4. The Jamie Dimon trade

1. Japan - End of an Era
Rates lower-for-longer, QE, Yield Curve Control, carry unwinds, repatriation. Ground Zero for a lot of the major global macro themes live in the Japanese government bond market where 30y yields have hit all-time highs. Whatever the catalyst - a poor auction, fears a US trade deal has to wait until after the summer election - the moves in JGBs are critical for all investors.
The implications will resonate globally but we start by focusing on Japanese stocks. The major drag to the Topix Banks sector today is a steepening of the 5s30s yield curve – the chart below shows the negative sensitivity close to multi-year extremes. If long-end re-pricing fears do not abate, this sector is likely among the most vulnerable.

At the index level, the high negative sensitivity to 10yr JGB real yields is the stand out.In a backdrop where their number 1 export (motor vehicles) face tariff threats,FCIs are starting to matter.

2. US Industrials – Outperformance due a pause
Across the major sectors, S&P500 Industrials isthe only cyclical sector that has made new highs. Recession odds have diminished allowing renewed focus on reshoring, infrastructure and aerospace & defense prospects.
However, we note the sector’s recent outperformance has diverged from the lacklustre ISM new orders less inventories ratio which still sits in negative territory.

Through the lens of Qi, Industrials are the most expensive major sector in the S&P500 – both in absolute terms (+1.5 sigma) and relative to the broader market (+2.5 sigma). Indeed, relative to the broader market, Qi’s FVG is close to multi-year highs.
Since 2009, there have been only 9 occasions where the Qi FVG was > 2 sigma. For 6 of those 9 events, the RV pair lost momentum over the subsequent month.
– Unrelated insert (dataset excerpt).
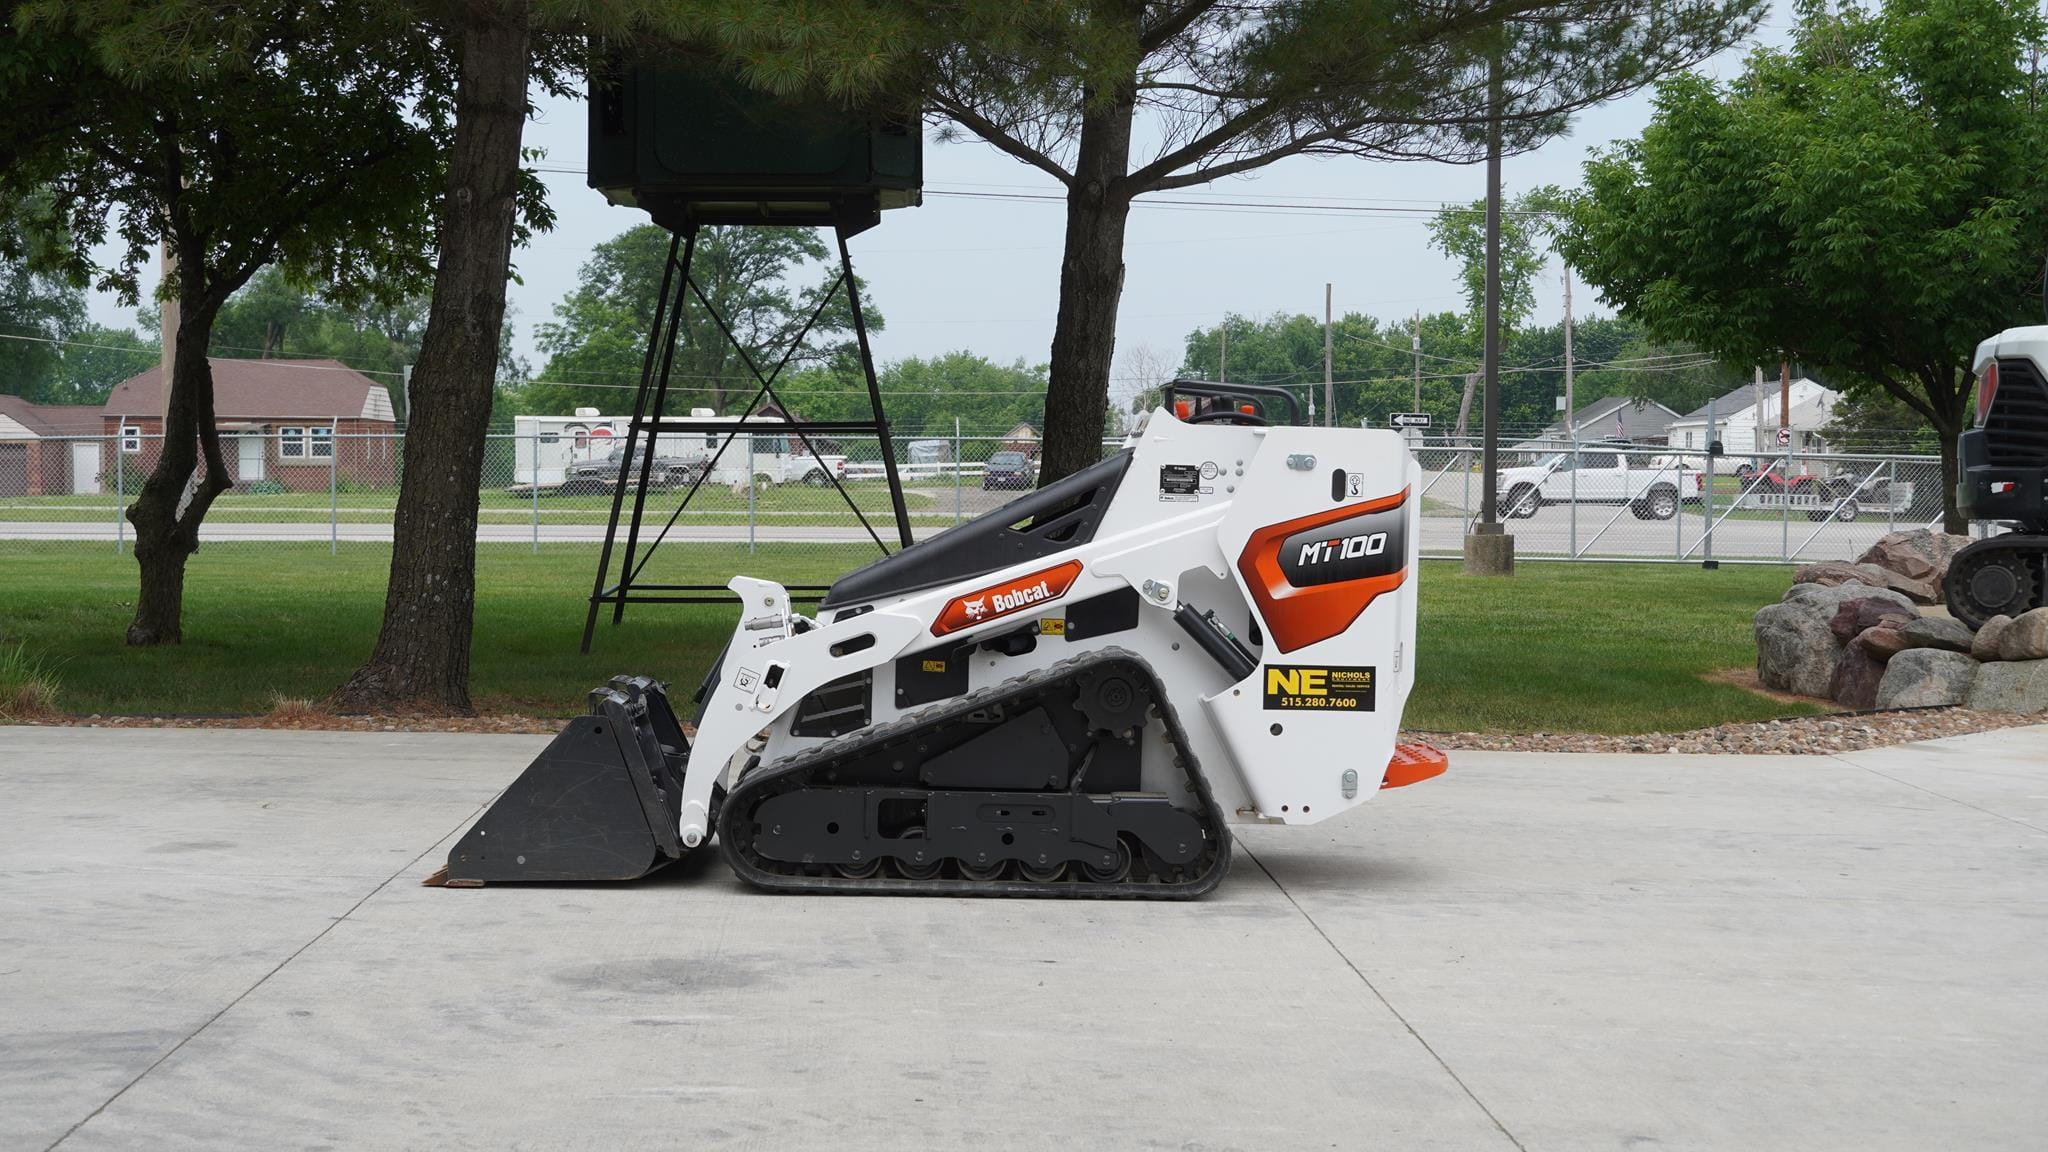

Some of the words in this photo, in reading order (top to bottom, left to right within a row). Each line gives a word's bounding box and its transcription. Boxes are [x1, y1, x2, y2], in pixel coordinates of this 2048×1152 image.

Furthermore, the close relationship between the FVG and spot price, suggests we should be wary of mean-reversion potential.

3. XLP vs. XLY – which consumer bet does macro favour?
Qi's model for the RV between Consumer Staples and Consumer Discretionary is interesting here:
· model confidence is grinding higher
· the regime reveals the safe haven properties you'd expect - XLP outperforms when there's disinflation, credit spreads widen & the Dollar weakens (aka the "sell America" theme).
· XLP screens as 1 standard deviation (~10%) cheap to XLY relative to macro conditions.
Bulls can look away now but, for anyone looking for downside protection, Qi is flagging there's an efficient entry level on this classic defensive bet.

4. The Jamie Dimon trade
Jamie Dimon has warned of complacency in credit markets calling them "a bad risk" and not adequately reflecting recession concerns.
Screening Qi's credit models and the main observation is US/European credit spreads are all marginally too tight. Most FVGs are within 0.5 sigma which means they're too close to macro-warranted model value to get excited. European credit screens as slightly richer than US credit; and EU High Yield spreads sit the furthest through Qi fair value (0.5 sigma, ~14bp rich).

Again, these are not big FVGs in outright terms but strong correlation between spot spreads and Qi FVG suggest our model has done a good job of capturing local tights in XOver. The model does agree with Dimon's basic sentiment - the risk/reward doesn’t look great here.